DESCRIPTION OF THE TASK =>
Please write out all of the data below exactly, without including the pictures.

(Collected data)
*** Begin section ***

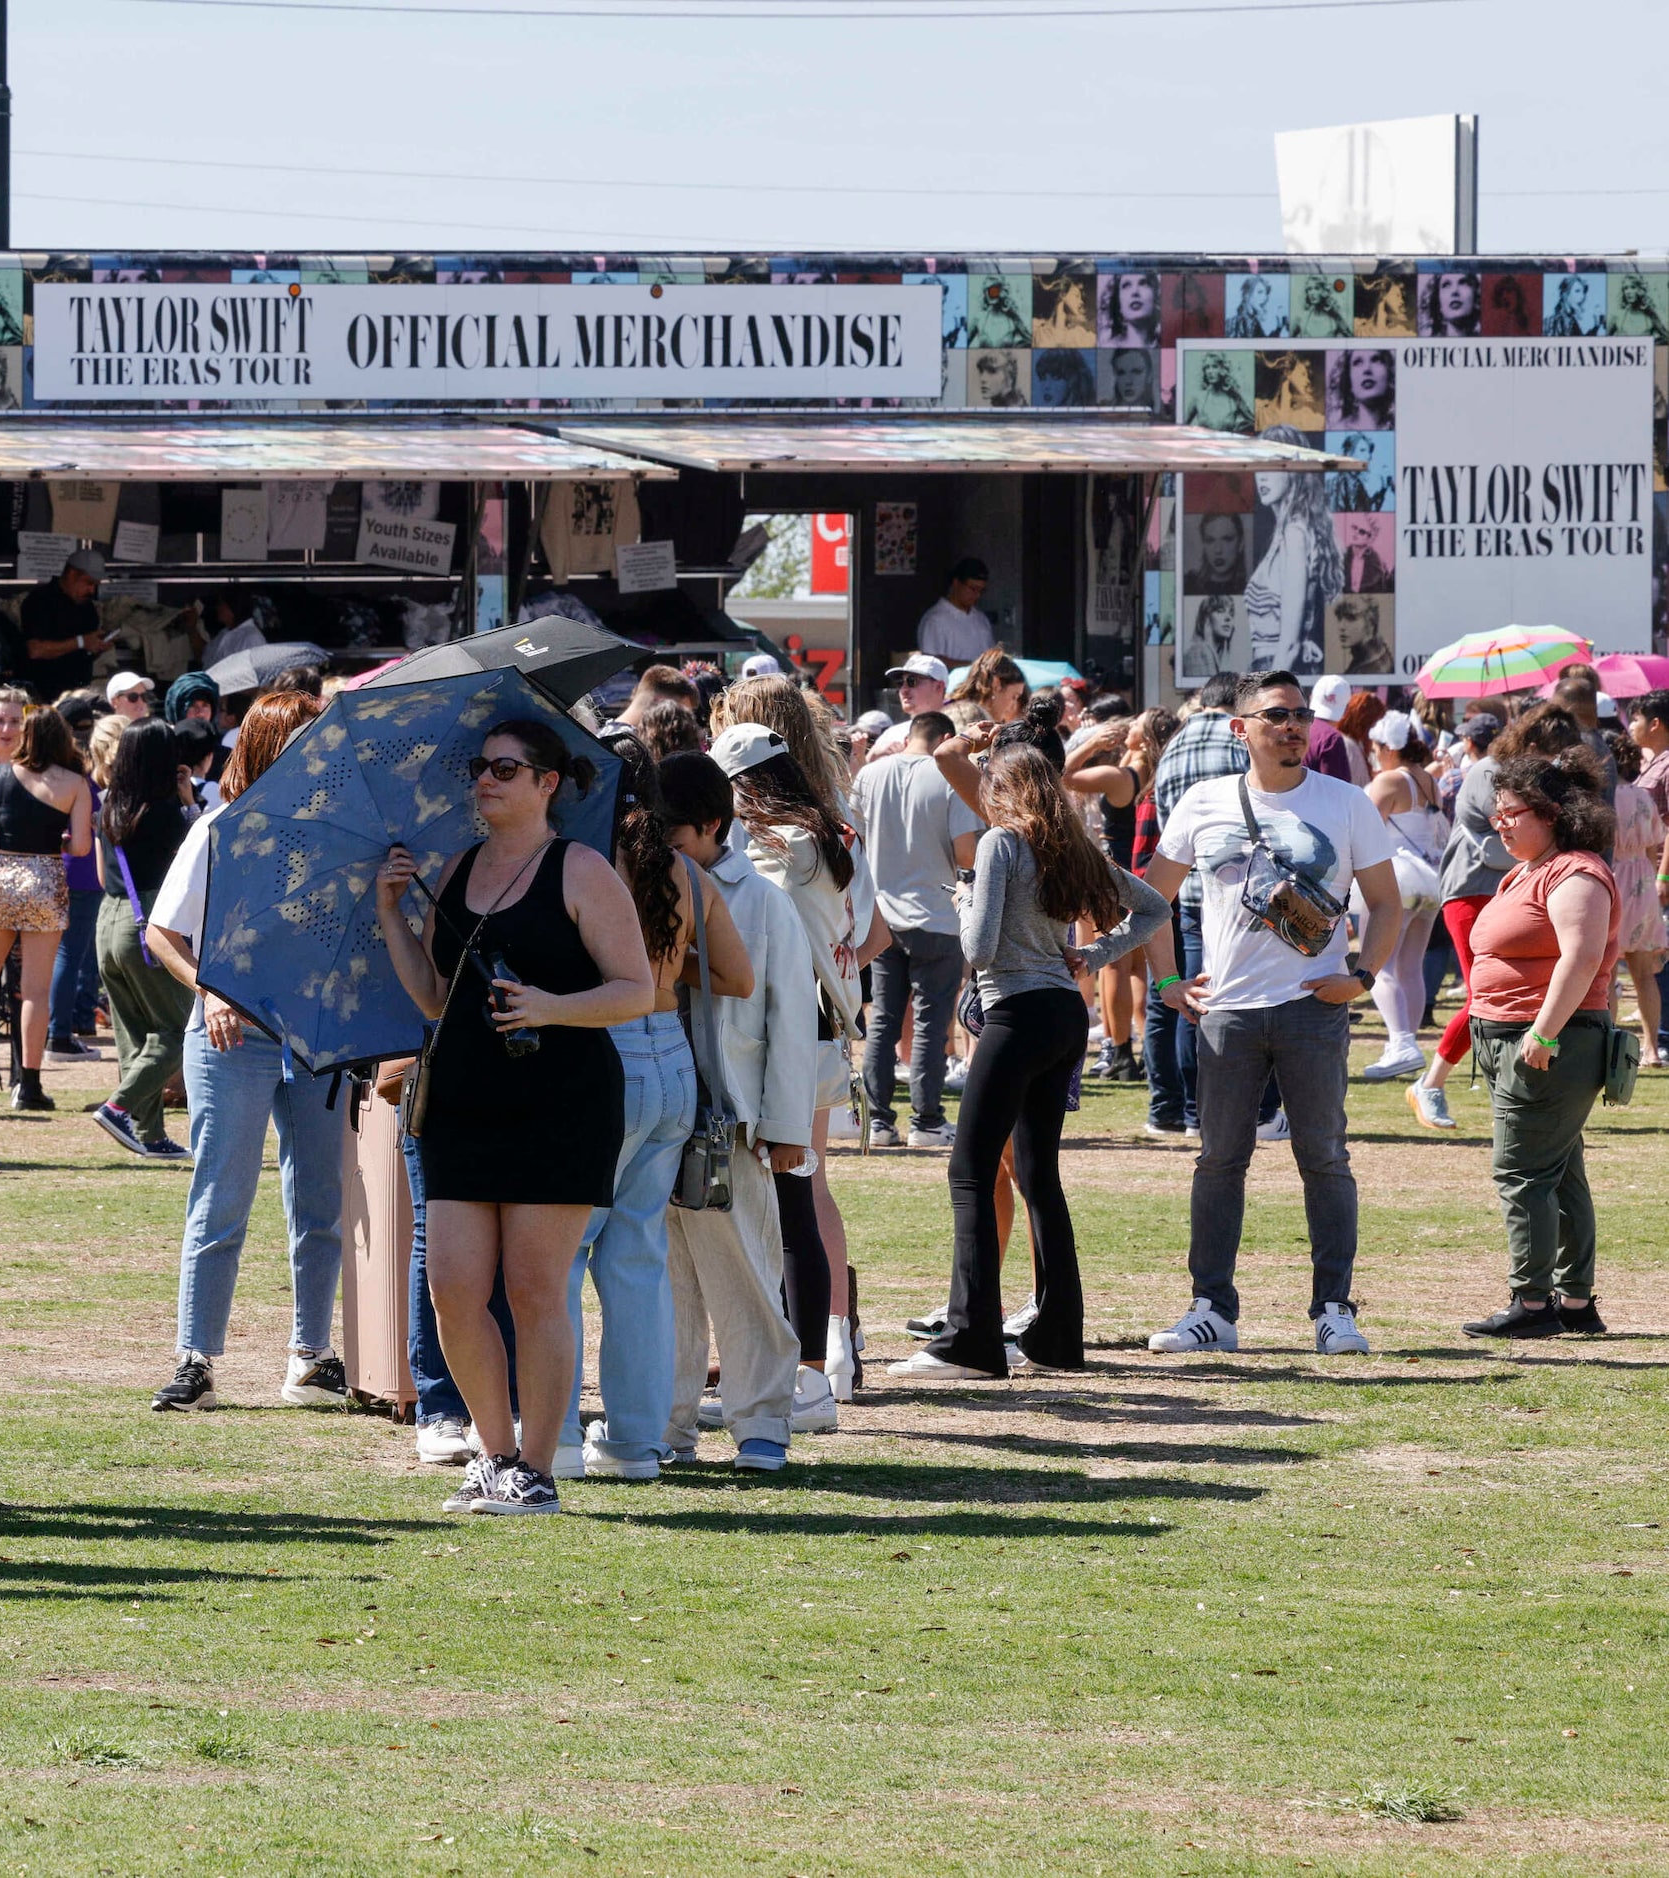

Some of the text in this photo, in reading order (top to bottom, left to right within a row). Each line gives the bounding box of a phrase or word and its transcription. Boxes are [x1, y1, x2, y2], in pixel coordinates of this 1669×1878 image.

[69, 296, 314, 354] TAYLOR SWIFT
[346, 314, 903, 369] OFFICIAL MERCHANDISE
[1403, 345, 1648, 368] OFFICIAL MERCHANDISE
[70, 357, 313, 386] THE ERAS TOUR
[1403, 463, 1646, 525] TAYLOR SWIFT
[365, 518, 409, 539] Youth
[412, 526, 451, 546] Sizes
[1404, 527, 1645, 558] THE ERAS TOUR
[369, 543, 439, 567] Available

*** End section ***

RESULT =>
Some of the text in this photo, in reading order (top to bottom, left to right within a row). Each line gives the bounding box of a phrase or word and its transcription. Boxes are [x1, y1, x2, y2], in pixel coordinates of this 1669×1878 image.

[69, 296, 314, 354] TAYLOR SWIFT
[346, 314, 903, 369] OFFICIAL MERCHANDISE
[1403, 345, 1648, 368] OFFICIAL MERCHANDISE
[70, 357, 313, 386] THE ERAS TOUR
[1403, 463, 1646, 525] TAYLOR SWIFT
[365, 518, 409, 539] Youth
[412, 526, 451, 546] Sizes
[1404, 527, 1645, 558] THE ERAS TOUR
[369, 543, 439, 567] Available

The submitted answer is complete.